Waleed was listed as one of Time magazine's Time 100, an annual list of the hundred most influential people in the world in 2008.[5] Waleed is a grandson of Ibn Saud, the first Saudi king, a half-nephew of all Saudi kings since, and a grandson of Riad Al Solh, Lebanon's first Prime Minister.

Al-Waleed is the founder, the chief executive officer and 95 percent-owner[6] of the Kingdom Holding Company, a Forbes Global 2000 company with investments in companies within various sectors such as financial services, tourism and hospitality, mass media, entertainment, retail, agriculture, petrochemicals, aviation, technology, and real estate.[7] The company had a market capitalization of over $18 billion in 2013.[8] Waleed is Citigroup's largest individual shareholder, the second-largest voting shareholder in 21st Century Fox, and owns Paris' Four Seasons Hotel George V and part of the Plaza Hotel.[9][10] His business acumen and shrewd entrepreneurial prowess have earned him comparisons to American investor and business magnate Warren Buffett. Due to his prominence as a businessman, he was acknowledged by Time, who labeled the Prince as the "Arabian Warren Buffett".[11] In March 2016 Forbes listed Al-Waleed as the 41st richest man in the world, with an estimated net worth of US$17.3 billion.[12]

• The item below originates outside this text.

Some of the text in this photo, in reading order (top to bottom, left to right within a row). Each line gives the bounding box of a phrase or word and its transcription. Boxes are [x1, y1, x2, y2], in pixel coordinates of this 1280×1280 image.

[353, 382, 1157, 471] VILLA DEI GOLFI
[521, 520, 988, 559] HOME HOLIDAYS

In 2015 Al-Waleed announced that he would donate his entire fortune to charity at an unspecified date. Some of the reasons cited were fostering cultural understanding and empowering women.[13]

Early life and education

Al-Waleed was born in Jeddah on 7 March 1955.[14][15] His parents are Prince Talal and Mona Al Solh, daughter of Riad Al Solh, Lebanon's first Prime Minister.[16][17] His father, Prince Talal, was Saudi Arabia’s finance minister in the early 1960s,[18] before he went into exile due to his advocacy of political reform.[19] Al-Waleed's grandmother was an Armenian woman, Munaiyir, whose family escaped from the Armenian Genocide experienced under the reign of the Ottoman Empire. Munaiyir was presented by the emir of Unayza to Ibn Saud in 1921 when she was 12 years old and Ibn Saud was 45.[20]

Al-Waleed's parents separated when he was seven, and he went to live with his mother in Lebanon.[19] As a youth, Al-Waleed would run away from home for a day or two and sleep in the back of unlocked cars. He would later attend military school in Riyadh.[19]

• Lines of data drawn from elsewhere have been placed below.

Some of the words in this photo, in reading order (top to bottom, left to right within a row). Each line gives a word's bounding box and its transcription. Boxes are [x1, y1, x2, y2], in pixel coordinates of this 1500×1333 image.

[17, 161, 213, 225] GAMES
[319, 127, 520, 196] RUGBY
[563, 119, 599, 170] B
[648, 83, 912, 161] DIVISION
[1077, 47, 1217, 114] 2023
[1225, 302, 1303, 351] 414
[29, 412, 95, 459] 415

Al-Waleed received a bachelor's degree in business administration from Menlo College in California in 1979.[21] He then received a master's degree in social science with honors from Syracuse University in 1985.[22]

Business career

Business ventures and investments

Al-Waleed began his business career in 1979 upon graduation from Menlo College. He returned to Saudi Arabia which was in the midst of the 1974–85 oil boom.[23] Operating from a small pre-fabricated office in Riyadh, he became active in construction contracts and real estate and amassed a sizeable fortune. He was first profiled by Forbes in 1988.

Following the end of the Saudi oil boom, Al-Waleed altered strategies and acquired United Saudi Commercial Bank, an underperforming Saudi Arabian bank. He rapidly turned the bank around and through subsequent mergers with Saudi Cairo Bank and SAMBA turned it into one of the leading Middle Eastern banks.[24]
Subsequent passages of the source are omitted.